WORK TO BE COMPLETED: From the line containing "this 1288×966 image." onward, retype each line of the entries below exactly, last line included.

EXERCISE DATA:
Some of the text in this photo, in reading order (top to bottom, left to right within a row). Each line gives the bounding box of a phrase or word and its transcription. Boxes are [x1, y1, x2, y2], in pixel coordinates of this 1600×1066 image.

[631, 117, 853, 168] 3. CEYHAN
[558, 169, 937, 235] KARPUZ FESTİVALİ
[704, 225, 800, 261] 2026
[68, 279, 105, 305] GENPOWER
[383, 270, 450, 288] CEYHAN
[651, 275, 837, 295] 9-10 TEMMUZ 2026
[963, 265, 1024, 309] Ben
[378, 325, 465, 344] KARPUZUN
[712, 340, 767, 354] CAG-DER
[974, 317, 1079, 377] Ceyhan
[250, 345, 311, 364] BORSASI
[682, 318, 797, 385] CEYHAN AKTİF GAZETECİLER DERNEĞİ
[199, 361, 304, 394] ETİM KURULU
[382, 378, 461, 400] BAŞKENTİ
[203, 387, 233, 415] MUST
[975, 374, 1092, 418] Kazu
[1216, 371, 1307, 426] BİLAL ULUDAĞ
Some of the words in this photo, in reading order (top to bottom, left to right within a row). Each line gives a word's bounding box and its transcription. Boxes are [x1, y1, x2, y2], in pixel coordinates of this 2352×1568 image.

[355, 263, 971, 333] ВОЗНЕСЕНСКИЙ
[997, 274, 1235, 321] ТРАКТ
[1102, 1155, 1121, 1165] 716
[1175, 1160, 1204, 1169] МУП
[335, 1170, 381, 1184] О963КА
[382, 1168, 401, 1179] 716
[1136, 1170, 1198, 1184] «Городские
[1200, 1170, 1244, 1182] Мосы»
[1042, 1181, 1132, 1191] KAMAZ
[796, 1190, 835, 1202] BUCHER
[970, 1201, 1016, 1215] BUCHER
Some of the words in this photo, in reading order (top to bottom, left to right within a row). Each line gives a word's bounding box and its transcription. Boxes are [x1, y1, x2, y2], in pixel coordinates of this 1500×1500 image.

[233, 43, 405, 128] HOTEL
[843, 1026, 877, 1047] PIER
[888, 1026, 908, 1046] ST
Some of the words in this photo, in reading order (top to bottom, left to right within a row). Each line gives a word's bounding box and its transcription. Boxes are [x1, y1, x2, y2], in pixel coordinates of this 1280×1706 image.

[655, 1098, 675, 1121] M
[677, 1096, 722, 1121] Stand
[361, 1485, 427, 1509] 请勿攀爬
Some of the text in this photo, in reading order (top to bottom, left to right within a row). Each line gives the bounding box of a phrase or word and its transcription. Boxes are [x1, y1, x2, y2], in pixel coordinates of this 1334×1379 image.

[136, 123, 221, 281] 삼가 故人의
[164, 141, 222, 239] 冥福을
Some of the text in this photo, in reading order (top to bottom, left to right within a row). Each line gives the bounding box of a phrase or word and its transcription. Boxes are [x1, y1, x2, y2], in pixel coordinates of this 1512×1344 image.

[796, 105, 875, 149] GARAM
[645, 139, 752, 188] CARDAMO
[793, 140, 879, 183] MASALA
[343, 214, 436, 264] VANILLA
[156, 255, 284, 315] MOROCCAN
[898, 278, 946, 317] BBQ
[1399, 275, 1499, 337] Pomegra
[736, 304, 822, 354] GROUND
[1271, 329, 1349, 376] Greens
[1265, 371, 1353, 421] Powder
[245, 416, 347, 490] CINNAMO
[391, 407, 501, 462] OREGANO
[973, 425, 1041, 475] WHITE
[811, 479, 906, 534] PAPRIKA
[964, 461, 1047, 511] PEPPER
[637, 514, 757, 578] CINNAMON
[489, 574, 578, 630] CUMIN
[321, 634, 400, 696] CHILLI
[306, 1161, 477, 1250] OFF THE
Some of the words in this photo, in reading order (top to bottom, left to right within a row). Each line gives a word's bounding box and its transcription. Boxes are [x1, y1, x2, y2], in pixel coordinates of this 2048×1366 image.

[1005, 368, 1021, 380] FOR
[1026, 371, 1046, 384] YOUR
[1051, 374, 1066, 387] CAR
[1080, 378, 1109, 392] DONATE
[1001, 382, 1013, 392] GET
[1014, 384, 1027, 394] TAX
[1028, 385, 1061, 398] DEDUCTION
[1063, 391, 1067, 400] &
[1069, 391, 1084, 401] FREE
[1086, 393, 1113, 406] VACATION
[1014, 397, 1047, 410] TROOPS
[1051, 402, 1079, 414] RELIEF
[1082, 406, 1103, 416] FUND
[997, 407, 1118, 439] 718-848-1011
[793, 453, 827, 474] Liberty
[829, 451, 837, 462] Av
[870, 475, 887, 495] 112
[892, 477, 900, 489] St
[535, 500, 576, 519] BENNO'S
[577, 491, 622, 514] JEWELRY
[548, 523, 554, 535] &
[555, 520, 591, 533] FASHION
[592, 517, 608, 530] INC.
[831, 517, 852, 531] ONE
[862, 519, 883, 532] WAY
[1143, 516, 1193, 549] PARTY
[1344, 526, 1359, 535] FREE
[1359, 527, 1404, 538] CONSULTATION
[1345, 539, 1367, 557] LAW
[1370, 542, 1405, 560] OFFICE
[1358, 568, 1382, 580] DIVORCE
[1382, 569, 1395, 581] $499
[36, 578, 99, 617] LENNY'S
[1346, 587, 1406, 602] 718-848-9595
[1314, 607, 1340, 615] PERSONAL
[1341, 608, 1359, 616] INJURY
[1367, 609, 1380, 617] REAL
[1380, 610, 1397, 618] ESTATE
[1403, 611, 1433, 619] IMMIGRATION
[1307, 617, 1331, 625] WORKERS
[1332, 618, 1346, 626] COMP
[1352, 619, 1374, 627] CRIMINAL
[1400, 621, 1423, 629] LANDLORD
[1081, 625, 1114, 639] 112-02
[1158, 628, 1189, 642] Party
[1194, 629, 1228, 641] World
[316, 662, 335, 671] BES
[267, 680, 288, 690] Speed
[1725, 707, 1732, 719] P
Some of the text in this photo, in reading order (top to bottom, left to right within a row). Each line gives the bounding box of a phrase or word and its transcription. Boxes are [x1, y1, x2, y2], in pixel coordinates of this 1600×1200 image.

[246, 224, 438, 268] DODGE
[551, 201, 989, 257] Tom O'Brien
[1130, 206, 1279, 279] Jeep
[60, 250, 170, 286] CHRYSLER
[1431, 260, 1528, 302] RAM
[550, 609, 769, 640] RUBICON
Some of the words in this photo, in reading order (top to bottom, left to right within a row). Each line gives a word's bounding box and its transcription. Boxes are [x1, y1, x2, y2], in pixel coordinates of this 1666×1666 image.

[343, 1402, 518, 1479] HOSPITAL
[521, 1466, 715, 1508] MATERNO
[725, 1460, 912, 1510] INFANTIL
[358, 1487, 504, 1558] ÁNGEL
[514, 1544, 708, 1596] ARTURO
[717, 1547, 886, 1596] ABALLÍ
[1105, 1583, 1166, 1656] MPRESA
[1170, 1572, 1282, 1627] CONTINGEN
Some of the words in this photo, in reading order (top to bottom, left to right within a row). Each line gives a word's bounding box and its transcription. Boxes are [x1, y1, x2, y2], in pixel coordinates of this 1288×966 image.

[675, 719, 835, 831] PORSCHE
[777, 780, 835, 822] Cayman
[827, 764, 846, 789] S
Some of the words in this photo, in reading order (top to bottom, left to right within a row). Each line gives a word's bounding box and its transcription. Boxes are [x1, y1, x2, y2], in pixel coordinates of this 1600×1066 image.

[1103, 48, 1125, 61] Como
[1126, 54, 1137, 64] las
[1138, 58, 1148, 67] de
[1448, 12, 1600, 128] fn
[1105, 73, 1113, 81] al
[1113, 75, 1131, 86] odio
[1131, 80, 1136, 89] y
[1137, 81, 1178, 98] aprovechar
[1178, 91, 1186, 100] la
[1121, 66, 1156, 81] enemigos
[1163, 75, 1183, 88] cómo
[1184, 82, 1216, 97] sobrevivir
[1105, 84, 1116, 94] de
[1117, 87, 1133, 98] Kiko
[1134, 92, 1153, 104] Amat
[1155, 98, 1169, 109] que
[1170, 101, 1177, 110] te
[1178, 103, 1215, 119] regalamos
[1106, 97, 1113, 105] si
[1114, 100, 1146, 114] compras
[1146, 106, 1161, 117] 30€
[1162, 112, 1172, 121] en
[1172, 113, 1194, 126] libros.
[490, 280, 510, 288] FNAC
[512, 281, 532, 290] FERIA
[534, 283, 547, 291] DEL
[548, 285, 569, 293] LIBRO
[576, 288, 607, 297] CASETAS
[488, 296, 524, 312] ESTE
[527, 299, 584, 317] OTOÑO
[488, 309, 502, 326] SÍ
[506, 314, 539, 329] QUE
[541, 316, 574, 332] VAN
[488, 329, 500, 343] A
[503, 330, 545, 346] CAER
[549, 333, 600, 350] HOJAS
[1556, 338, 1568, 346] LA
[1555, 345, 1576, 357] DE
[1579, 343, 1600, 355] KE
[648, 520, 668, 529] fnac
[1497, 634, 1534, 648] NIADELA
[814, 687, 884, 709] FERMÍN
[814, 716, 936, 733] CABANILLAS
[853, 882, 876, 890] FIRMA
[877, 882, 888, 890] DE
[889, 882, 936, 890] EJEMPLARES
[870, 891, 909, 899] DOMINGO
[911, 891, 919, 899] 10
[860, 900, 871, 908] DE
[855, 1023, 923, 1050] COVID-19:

SOLUTION BELOW:
Some of the words in this photo, in reading order (top to bottom, left to right within a row). Each line gives a word's bounding box and its transcription. Boxes are [x1, y1, x2, y2], in pixel coordinates of this 1288×966 image.

[675, 719, 835, 831] PORSCHE
[777, 780, 835, 822] Cayman
[827, 764, 846, 789] S
Some of the words in this photo, in reading order (top to bottom, left to right within a row). Each line gives a word's bounding box and its transcription. Boxes are [x1, y1, x2, y2], in pixel coordinates of this 1600×1066 image.

[1103, 48, 1125, 61] Como
[1126, 54, 1137, 64] las
[1138, 58, 1148, 67] de
[1448, 12, 1600, 128] fn
[1105, 73, 1113, 81] al
[1113, 75, 1131, 86] odio
[1131, 80, 1136, 89] y
[1137, 81, 1178, 98] aprovechar
[1178, 91, 1186, 100] la
[1121, 66, 1156, 81] enemigos
[1163, 75, 1183, 88] cómo
[1184, 82, 1216, 97] sobrevivir
[1105, 84, 1116, 94] de
[1117, 87, 1133, 98] Kiko
[1134, 92, 1153, 104] Amat
[1155, 98, 1169, 109] que
[1170, 101, 1177, 110] te
[1178, 103, 1215, 119] regalamos
[1106, 97, 1113, 105] si
[1114, 100, 1146, 114] compras
[1146, 106, 1161, 117] 30€
[1162, 112, 1172, 121] en
[1172, 113, 1194, 126] libros.
[490, 280, 510, 288] FNAC
[512, 281, 532, 290] FERIA
[534, 283, 547, 291] DEL
[548, 285, 569, 293] LIBRO
[576, 288, 607, 297] CASETAS
[488, 296, 524, 312] ESTE
[527, 299, 584, 317] OTOÑO
[488, 309, 502, 326] SÍ
[506, 314, 539, 329] QUE
[541, 316, 574, 332] VAN
[488, 329, 500, 343] A
[503, 330, 545, 346] CAER
[549, 333, 600, 350] HOJAS
[1556, 338, 1568, 346] LA
[1555, 345, 1576, 357] DE
[1579, 343, 1600, 355] KE
[648, 520, 668, 529] fnac
[1497, 634, 1534, 648] NIADELA
[814, 687, 884, 709] FERMÍN
[814, 716, 936, 733] CABANILLAS
[853, 882, 876, 890] FIRMA
[877, 882, 888, 890] DE
[889, 882, 936, 890] EJEMPLARES
[870, 891, 909, 899] DOMINGO
[911, 891, 919, 899] 10
[860, 900, 871, 908] DE
[855, 1023, 923, 1050] COVID-19:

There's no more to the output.